People all over the world say that when you have children, your life changes. Your entire outlook on the world becomes different – transformed instantaneously. All of a sudden there is a new thing that affects the way you think. The people that say that are absolutely right – but I think that they’re only half right.

I think that the moment you become a parent, you change, but it’s only the beginning of something new. It’s the beginning of a changing process, not a switch that’s flipped on. And really, the impact that having a child has on a Christian is even more powerful. For me, I am constantly reviewing and revising how I read the Bible, for instance.

The perfect example of this – and every one of you who has a son will instantly identify with this – is the story of Abraham and Isaac. Growing up, I heard the story over and over in church – Sunday School, Youth Group, the big pastor preaching Sunday morning – it’s a given. Abraham and Isaac is one of those Bible stories that I learned by rote. Yeah, I get it: Abe decided he would sacrifice his son cause God told him to. It was a tough decision – I get it.

Here’s what I’ve learned lately: It wasn’t a tough decision. It was an impossible decision. The level of obedience that Abraham displayed wasn’t some great thing that he was able to do because he was a “hero of the faith.” If Abraham was anything like I am, there’s no damn way that he could have laid his son down on that altar. He could not have done that. Not by himself. Abraham isn’t to be admired because of the toughness of his will. He didn’t have some quality that I don’t. What is special about Abraham is that he gave himself so fully to God, that God was able to all the work. Abraham just had to follow along. What I take away from that story is that there was no faith involved. Faith is being certain of what we don’t see – Abraham didn’t have that problem. There was no doubt involved for him. When you have the relationship with God that Abraham had by the time he was 100, where’s the difficulty?

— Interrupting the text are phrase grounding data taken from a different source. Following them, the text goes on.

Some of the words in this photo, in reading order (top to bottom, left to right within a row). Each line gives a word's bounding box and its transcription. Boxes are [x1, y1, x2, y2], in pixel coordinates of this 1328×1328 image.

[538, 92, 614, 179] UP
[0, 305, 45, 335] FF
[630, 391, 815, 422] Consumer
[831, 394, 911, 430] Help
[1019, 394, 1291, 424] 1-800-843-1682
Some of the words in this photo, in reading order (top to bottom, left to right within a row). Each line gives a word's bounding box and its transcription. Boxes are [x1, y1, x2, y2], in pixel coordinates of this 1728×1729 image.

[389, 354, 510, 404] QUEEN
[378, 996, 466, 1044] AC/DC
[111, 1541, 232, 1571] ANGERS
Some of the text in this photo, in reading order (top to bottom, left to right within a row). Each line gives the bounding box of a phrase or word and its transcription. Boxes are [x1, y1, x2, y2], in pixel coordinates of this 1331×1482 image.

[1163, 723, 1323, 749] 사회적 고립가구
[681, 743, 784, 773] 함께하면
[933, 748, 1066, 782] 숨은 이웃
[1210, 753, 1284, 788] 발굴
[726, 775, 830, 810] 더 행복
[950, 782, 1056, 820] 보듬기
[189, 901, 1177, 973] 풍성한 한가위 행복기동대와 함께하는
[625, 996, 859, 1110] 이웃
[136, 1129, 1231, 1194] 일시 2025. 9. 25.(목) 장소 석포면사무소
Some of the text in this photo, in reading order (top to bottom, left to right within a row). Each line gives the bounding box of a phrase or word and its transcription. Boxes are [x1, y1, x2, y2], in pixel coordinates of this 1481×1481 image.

Here’s what troubles me: it took Abraham 100 years to develop that relationship with a God that was completely evident to him. I’m a 26 year old that lives in perpetual doubt. What hope is there for me?

Fortunately, as I said earlier, you start to become different when you become a parent. Abraham’s relationship with God really needed Isaac before it became whole. I’ve already seen the manifestation of divinity – I see it every day in Samuel Atticus and Laney Elisabeth Barber. Even when Sam willingly disobeys, I can still see a small spark of holiness inside him. My faith becomes more whole thanks to those two little people. Not completely whole, of course. The paradox of faith is that it won’t be complete until we don’t need it anymore. But a little more whole. That’s good enough for now.